3. Not pinning provider versions:
terraform {
required_providers {
aws = {
source = "hashicorp/aws"
version = "~> 5.0" # Pin major version
}
}
}
4. Using count and for_each interchangeably without understanding the difference:
# count: creates a list of resources indexed by number
resource "aws_iam_user" "this" {
count = length(var.users)
name = var.users[count.index]
}
# Removing a user from the MIDDLE of var.users will shift all indices!

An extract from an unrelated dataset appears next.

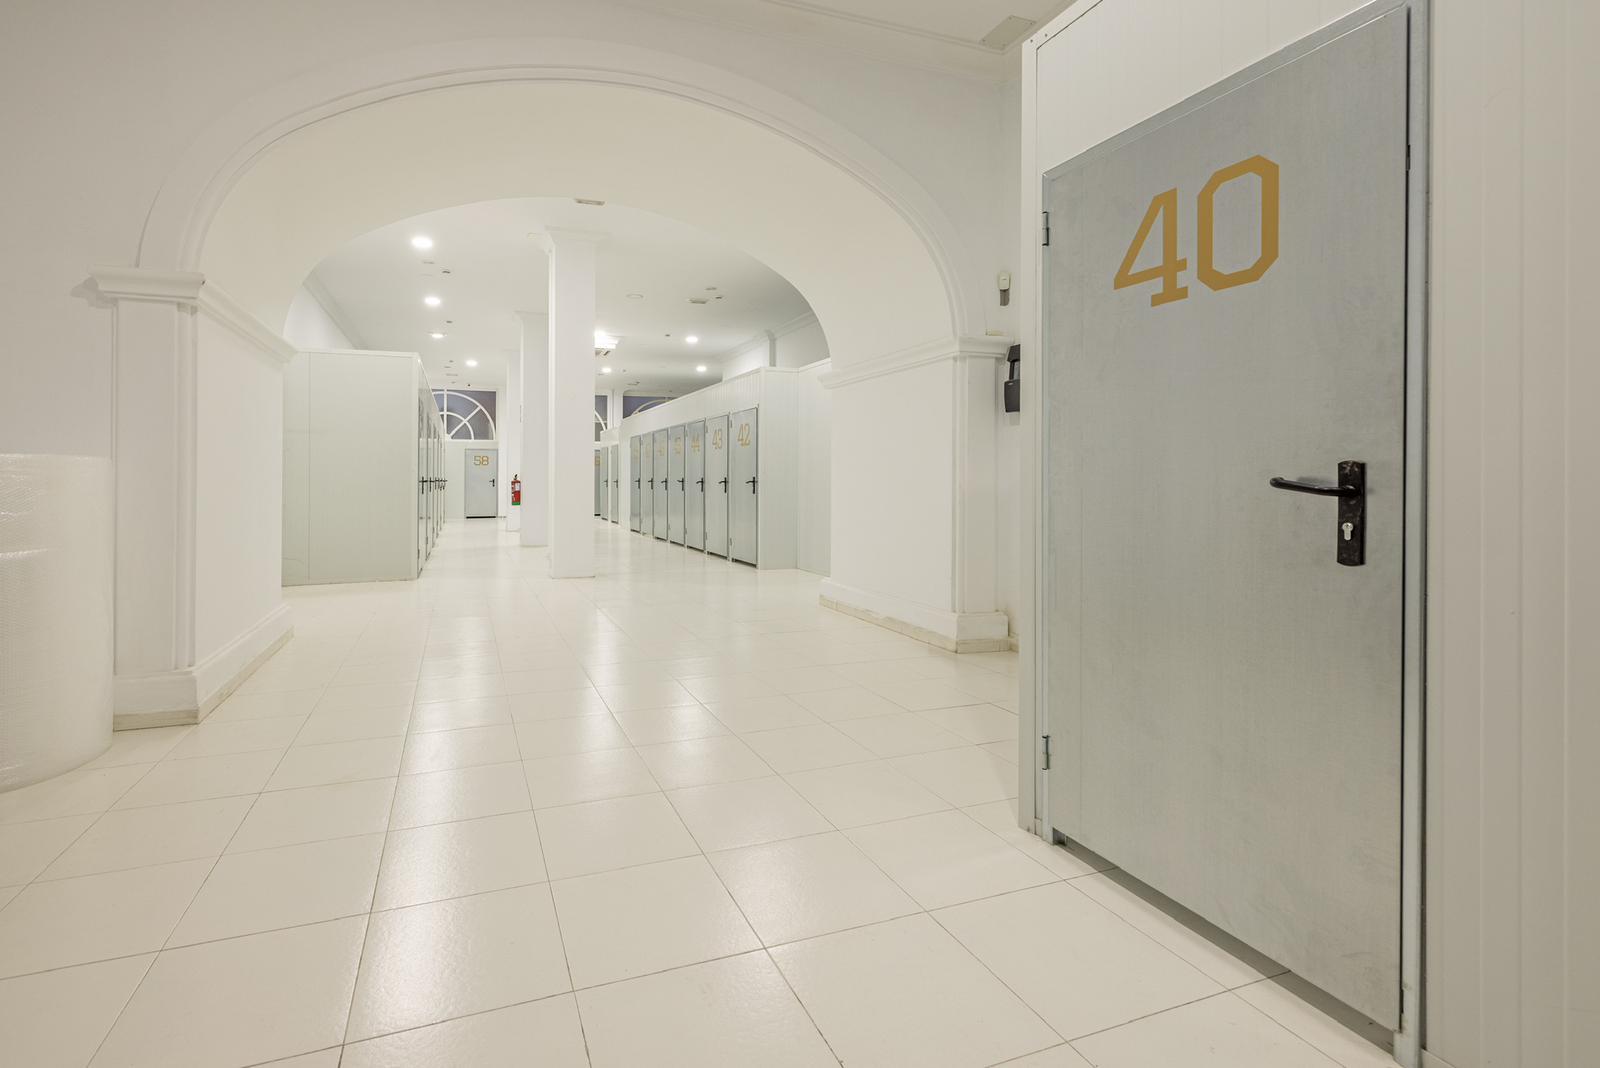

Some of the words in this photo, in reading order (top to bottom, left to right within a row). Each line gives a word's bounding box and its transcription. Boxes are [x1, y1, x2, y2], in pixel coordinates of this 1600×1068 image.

# for_each: creates a map of resources keyed by each value
resource "aws_iam_user" "this" {
for_each = toset(var.users)
name = each.key
}
# Removing a user only affects that one resource
8. Best Practices Checklist
- Remote state with locking
- State per environment + component
- Module versioning (Git tags)
- Input validation blocks
- Sensitive variables marked as
sensitive = true - Lifecycle rules (
prevent_destroyfor critical resources) - CI/CD with plan/apply pipeline
- Regular
terraform validateandfmtin CI - State backup and versioning
- No hardcoded secrets in config
Summary
Terraform at scale is about state management. A well-organized state structure with remote backends, module composition, and clear environment separation prevents the infrastructure drift and configuration chaos that plagues teams managing cloud resources manually.
Start with one environment (dev), one component (networking), a remote S3 backend, and a few modules. Then expand as your infrastructure grows.